Your assignment: Everything in the data must be repeated exactly, apart from the pictures, which are left out.

Dataset extract Block Start

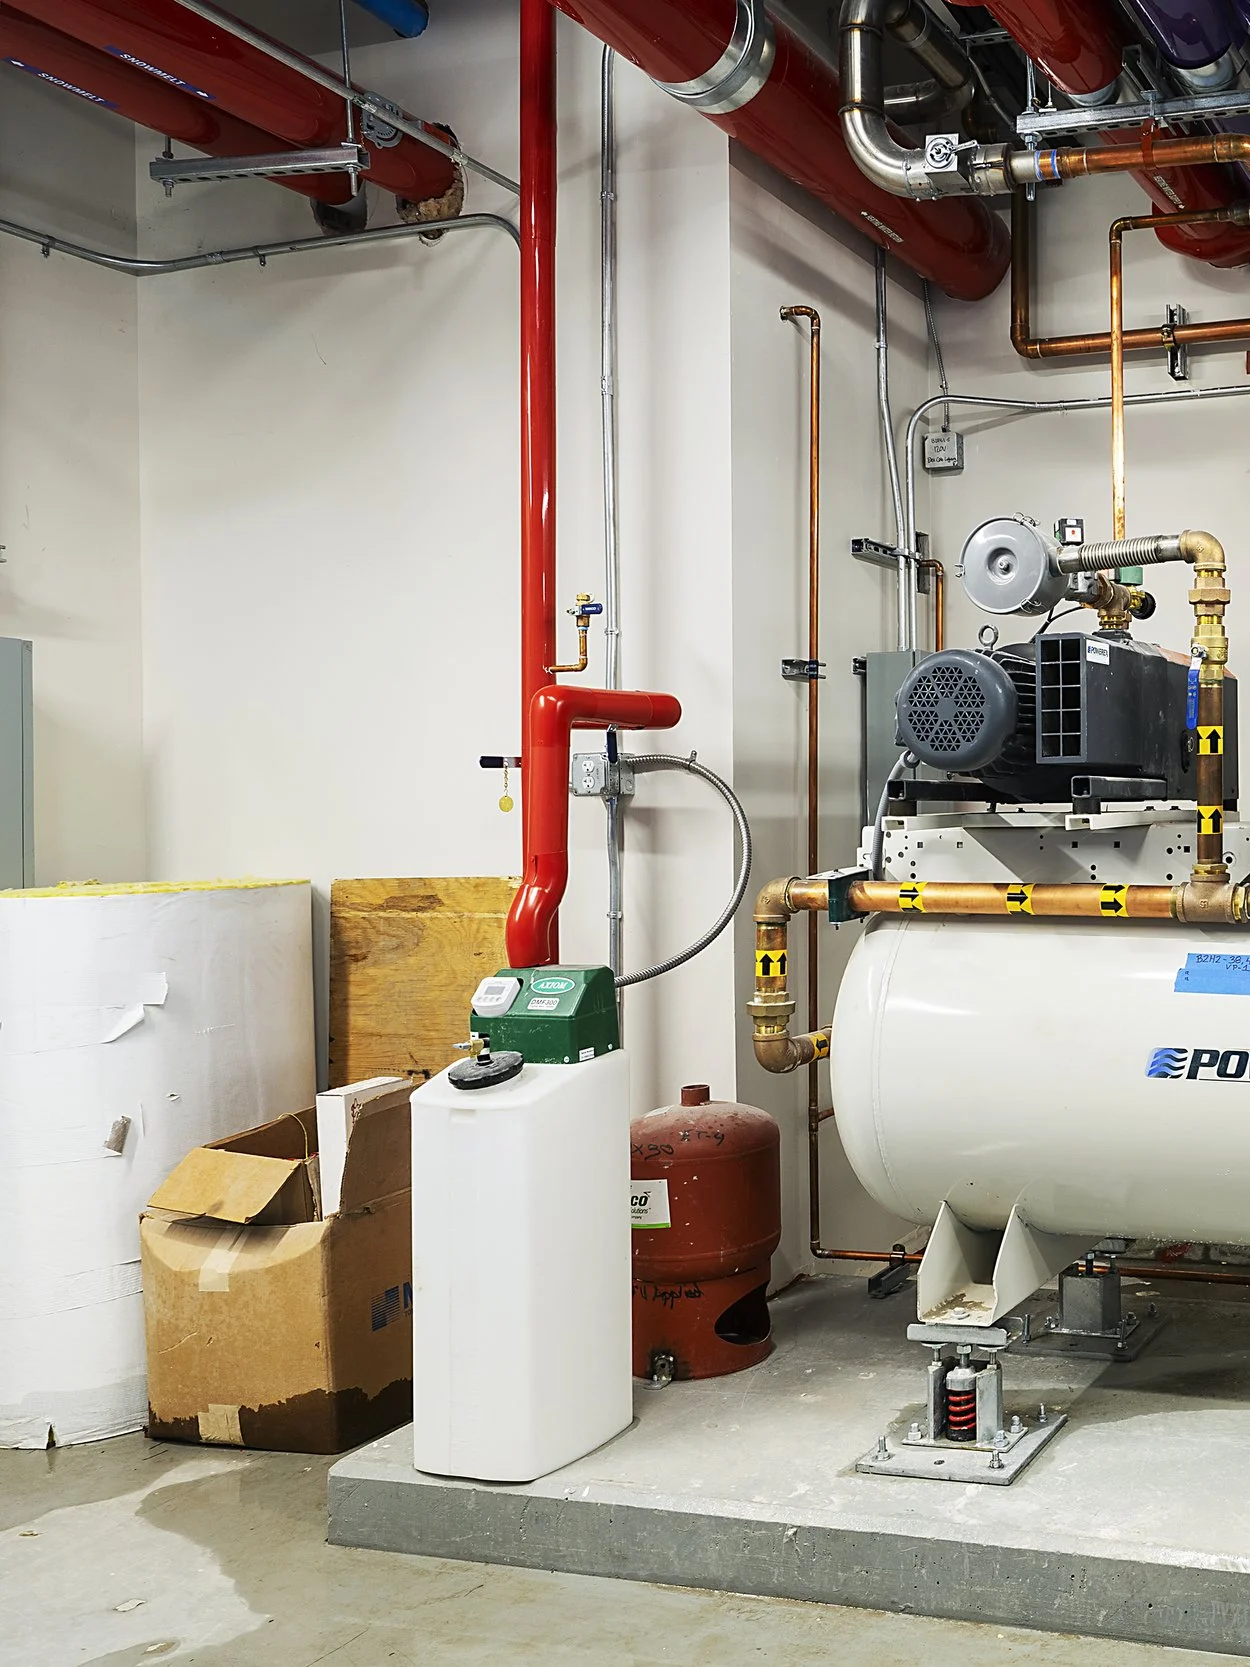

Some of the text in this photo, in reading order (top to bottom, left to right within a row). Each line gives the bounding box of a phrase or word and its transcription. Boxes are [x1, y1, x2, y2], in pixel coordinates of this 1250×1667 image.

[120, 54, 185, 85] SNOWMELT
[38, 72, 104, 102] SNOWMELT
[537, 981, 568, 989] AXIOM
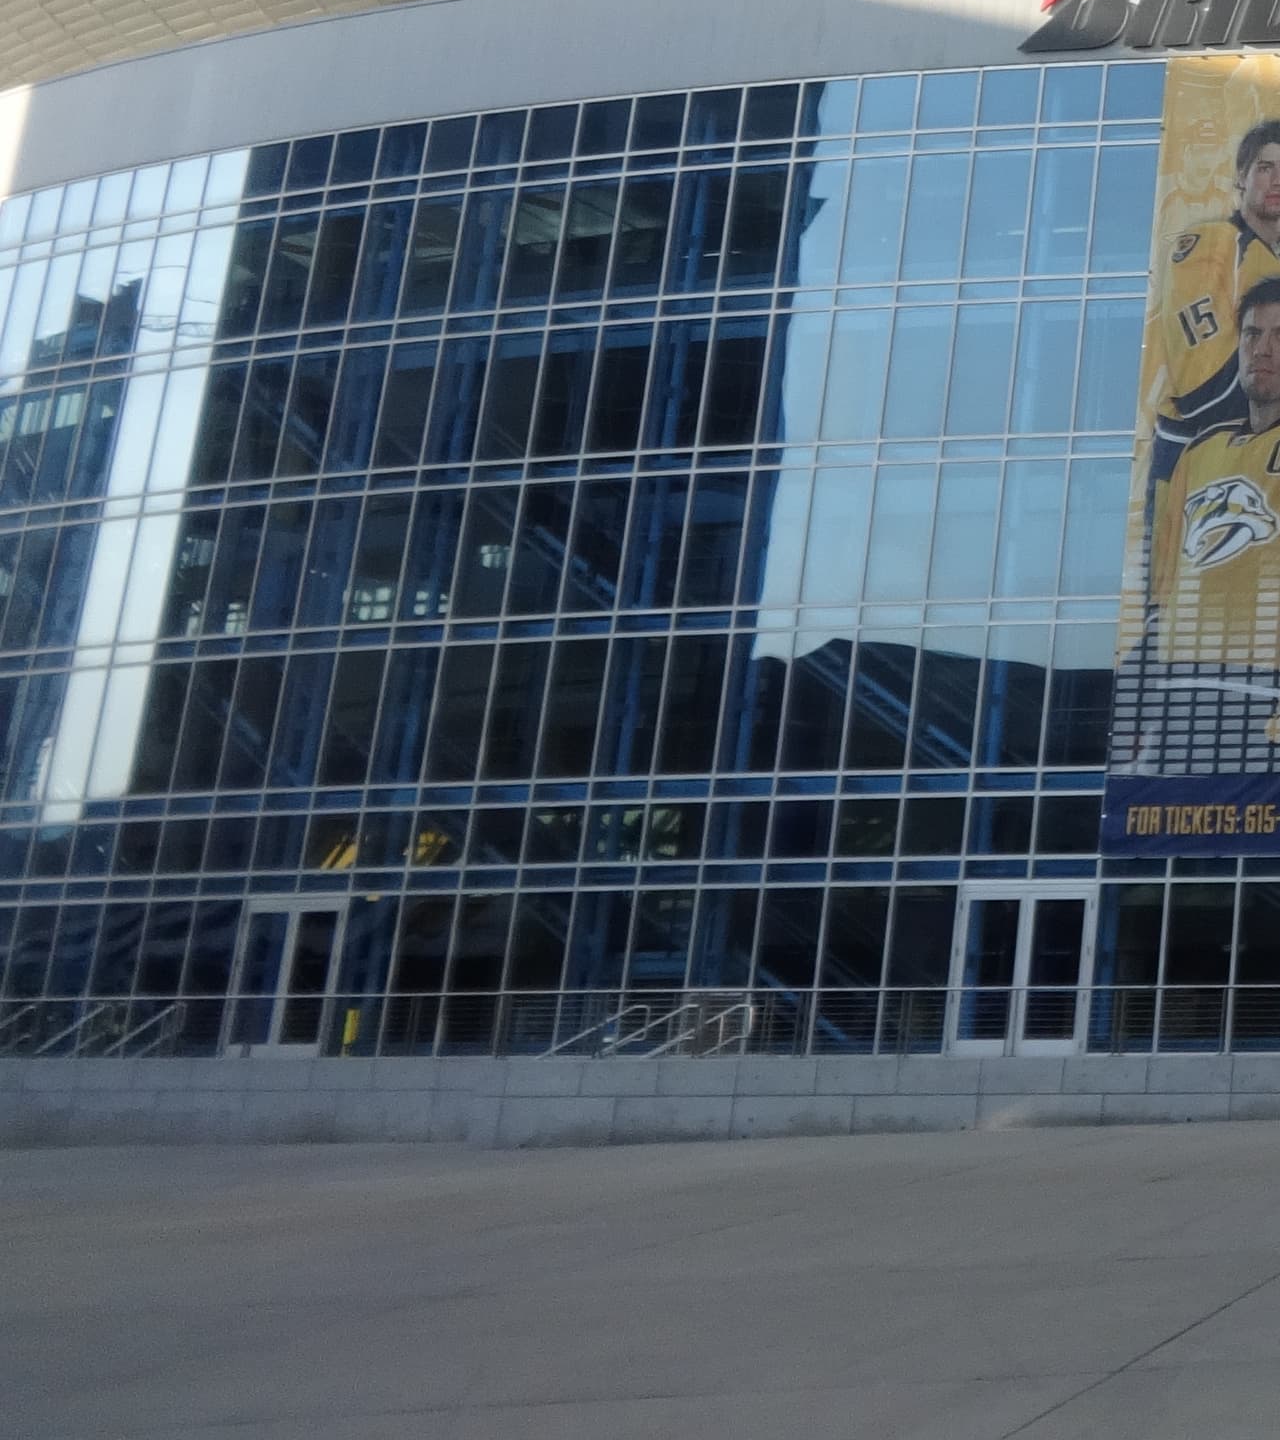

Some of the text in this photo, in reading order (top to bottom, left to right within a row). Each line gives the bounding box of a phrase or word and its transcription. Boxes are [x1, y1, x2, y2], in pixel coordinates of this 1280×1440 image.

[1177, 295, 1219, 348] 15
[1126, 805, 1163, 836] FOR
[1165, 804, 1242, 836] TICKETS:
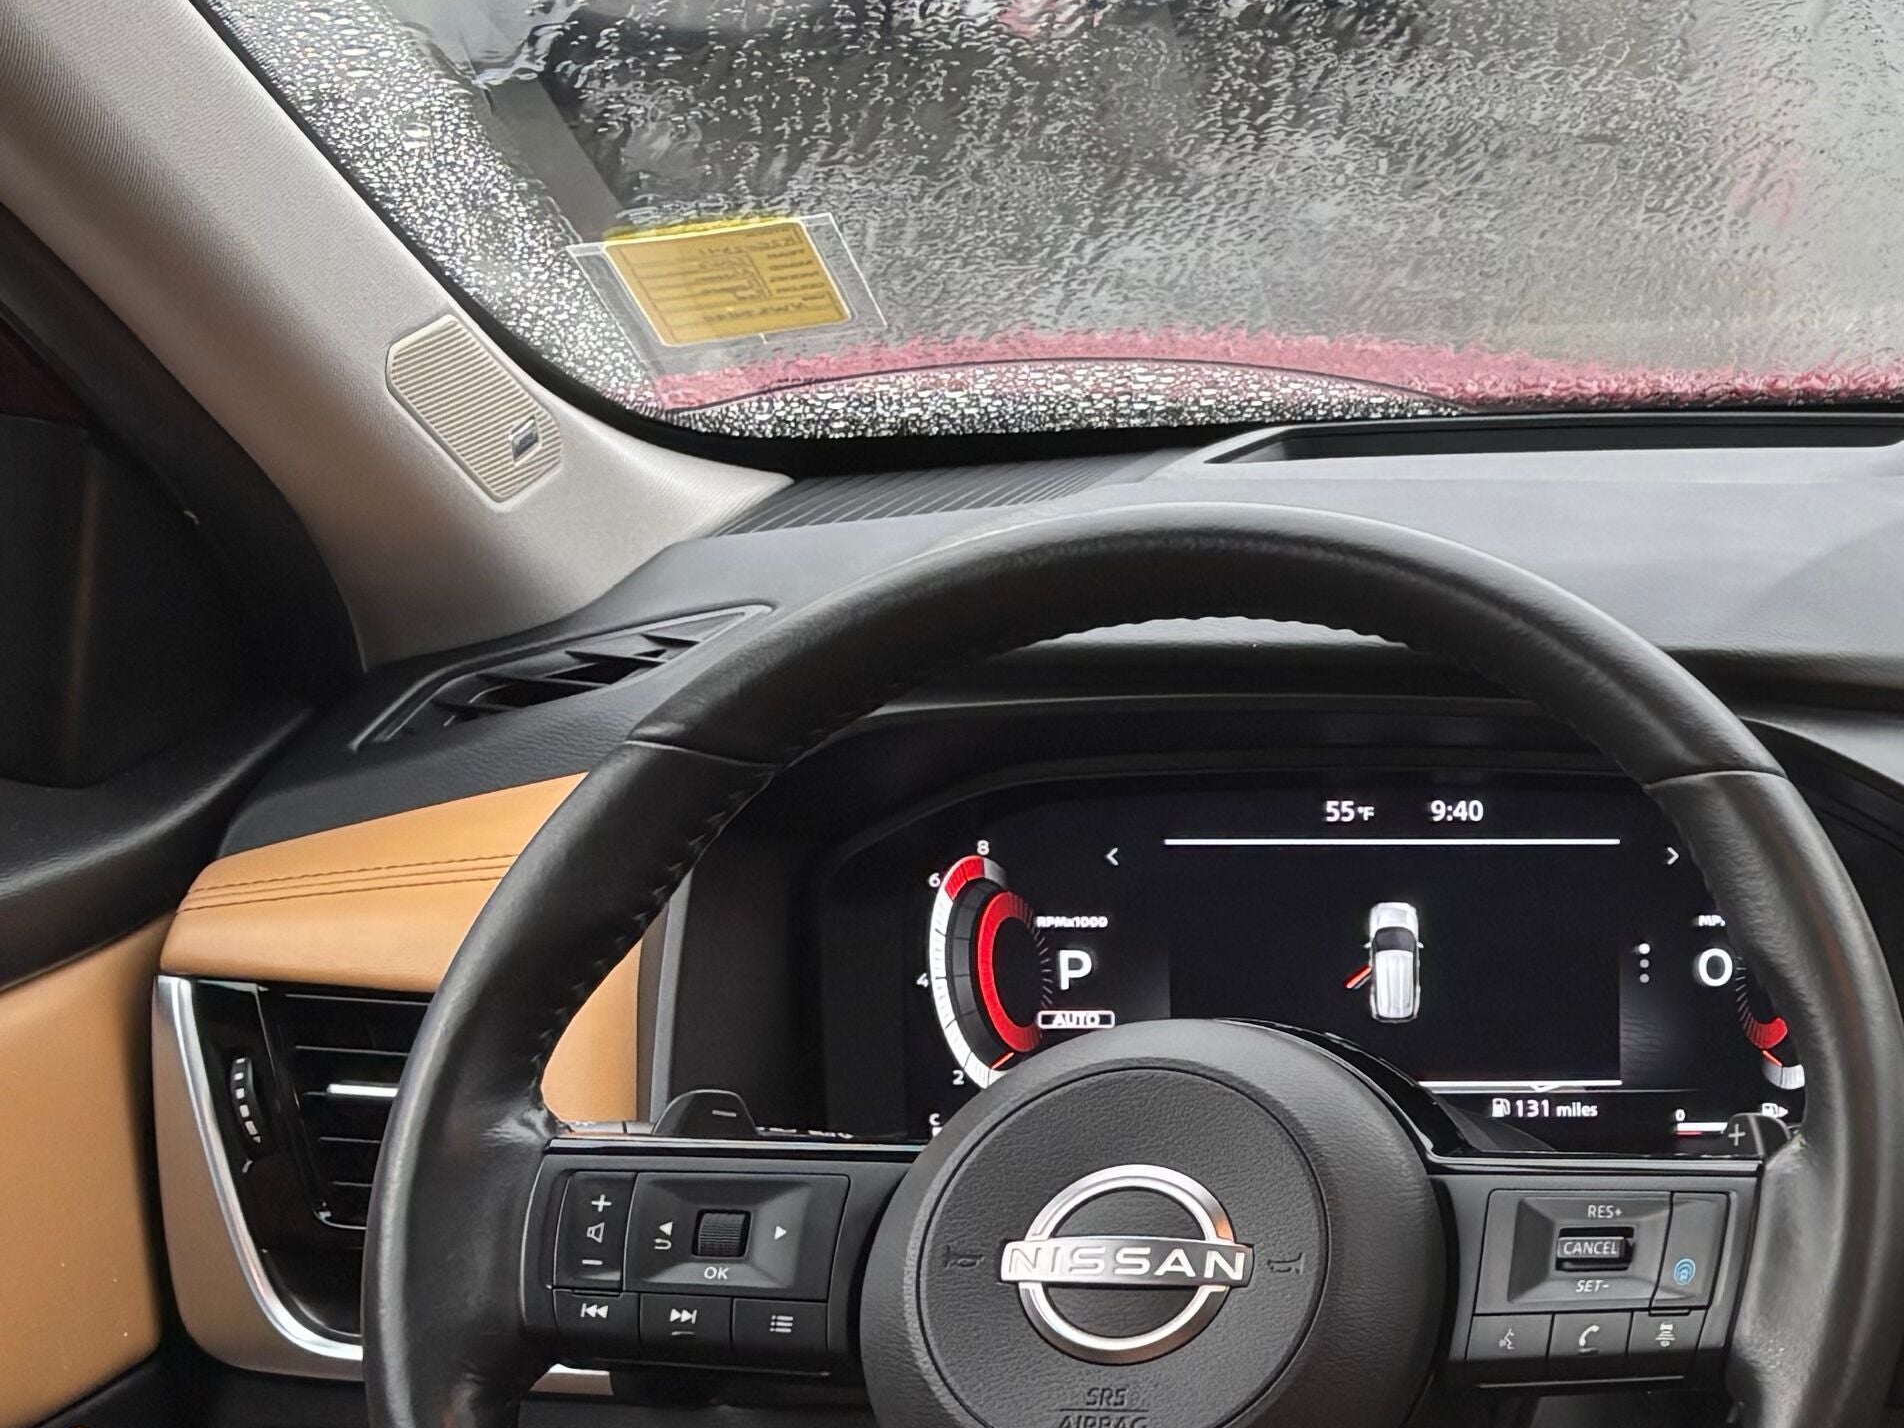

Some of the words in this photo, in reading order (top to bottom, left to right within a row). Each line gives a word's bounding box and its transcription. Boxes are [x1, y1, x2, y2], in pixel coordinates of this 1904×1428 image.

[1430, 799, 1484, 822] 9:40
[976, 839, 990, 855] 8
[928, 872, 941, 888] 6
[1058, 949, 1093, 991] P
[915, 972, 929, 988] 4
[1052, 1015, 1100, 1027] AUTO
[952, 1069, 965, 1085] 2
[1516, 1099, 1549, 1118] 131
[1556, 1101, 1598, 1118] miles
[1563, 1240, 1618, 1255] CANCEL
[1008, 1245, 1246, 1281] NISSAN
[703, 1265, 730, 1281] OK
[1086, 1387, 1127, 1407] SRS
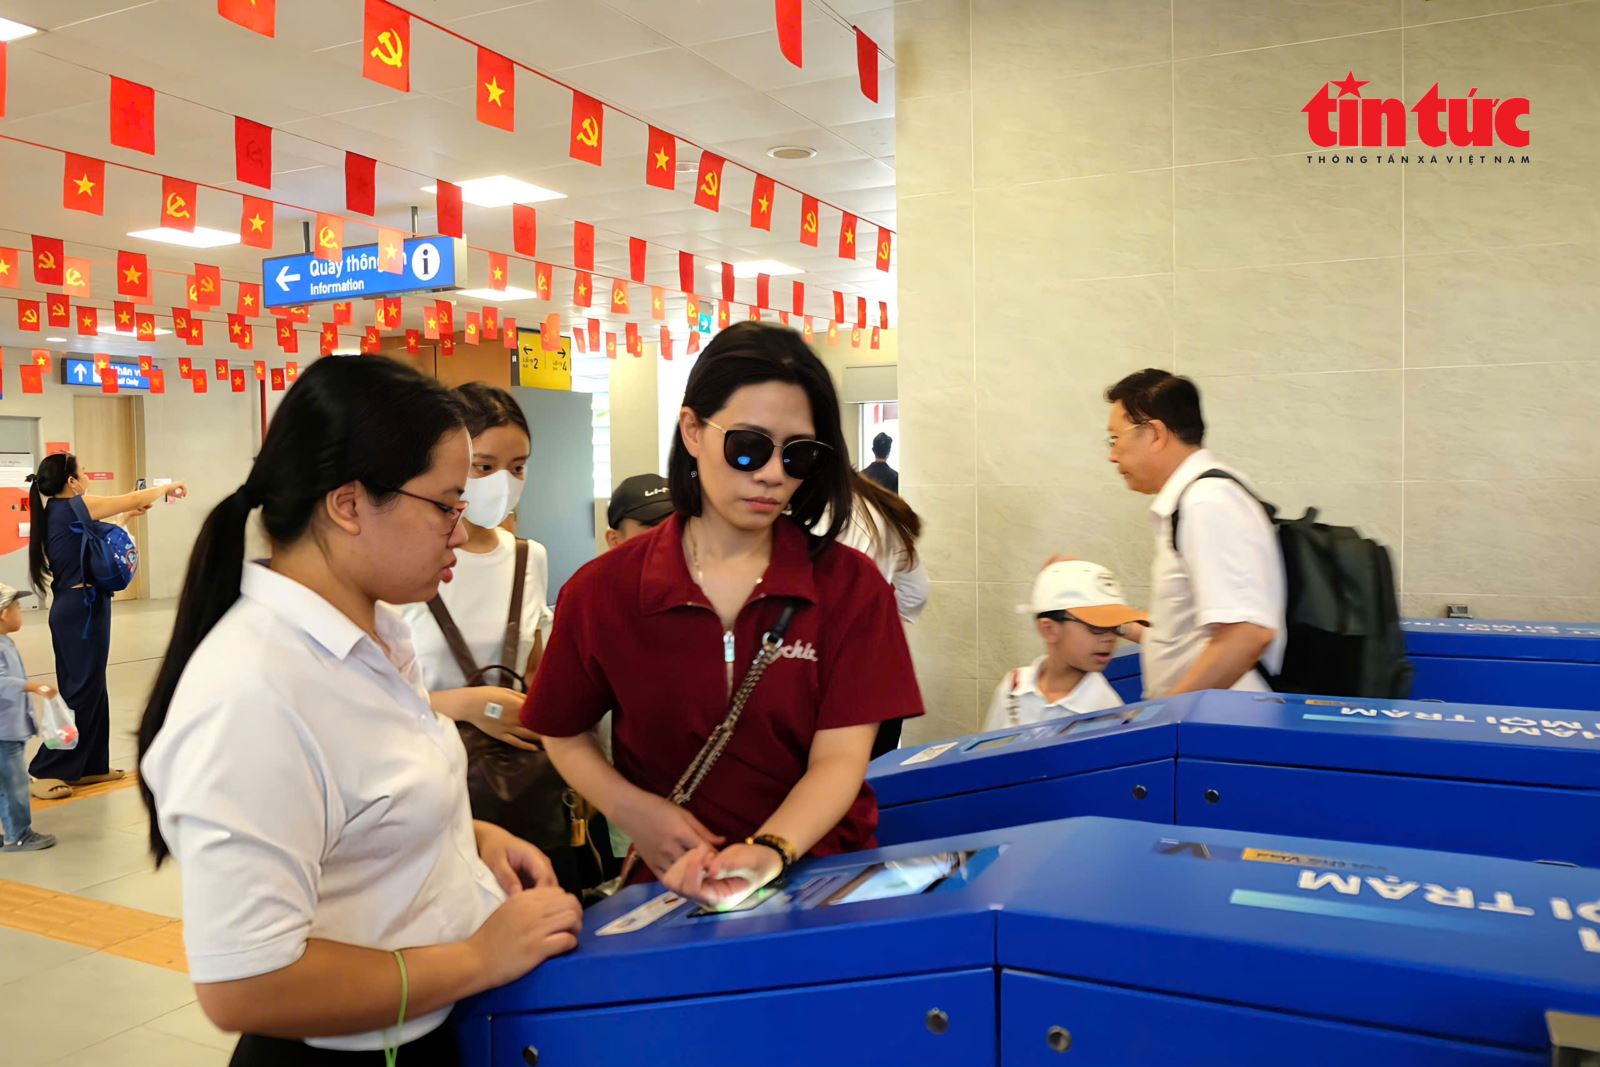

Dataset extract Block End

Your solution:
Some of the text in this photo, in reading order (top to bottom, left to right within a row). Each line gives the bounding box of a phrase or word and its transcription. Boxes are [x1, y1, x2, y2], in pixel coordinates of this 1250×1667 image.

[120, 54, 185, 85] SNOWMELT
[38, 72, 104, 102] SNOWMELT
[537, 981, 568, 989] AXIOM

Some of the text in this photo, in reading order (top to bottom, left to right within a row). Each line gives the bounding box of a phrase or word and its transcription. Boxes are [x1, y1, x2, y2], in pixel coordinates of this 1280×1440 image.

[1177, 295, 1219, 348] 15
[1126, 805, 1163, 836] FOR
[1165, 804, 1242, 836] TICKETS:

Some of the words in this photo, in reading order (top to bottom, left to right within a row). Each line gives a word's bounding box and its transcription. Boxes are [x1, y1, x2, y2], in pixel coordinates of this 1904×1428 image.

[1430, 799, 1484, 822] 9:40
[976, 839, 990, 855] 8
[928, 872, 941, 888] 6
[1058, 949, 1093, 991] P
[915, 972, 929, 988] 4
[1052, 1015, 1100, 1027] AUTO
[952, 1069, 965, 1085] 2
[1516, 1099, 1549, 1118] 131
[1556, 1101, 1598, 1118] miles
[1563, 1240, 1618, 1255] CANCEL
[1008, 1245, 1246, 1281] NISSAN
[703, 1265, 730, 1281] OK
[1086, 1387, 1127, 1407] SRS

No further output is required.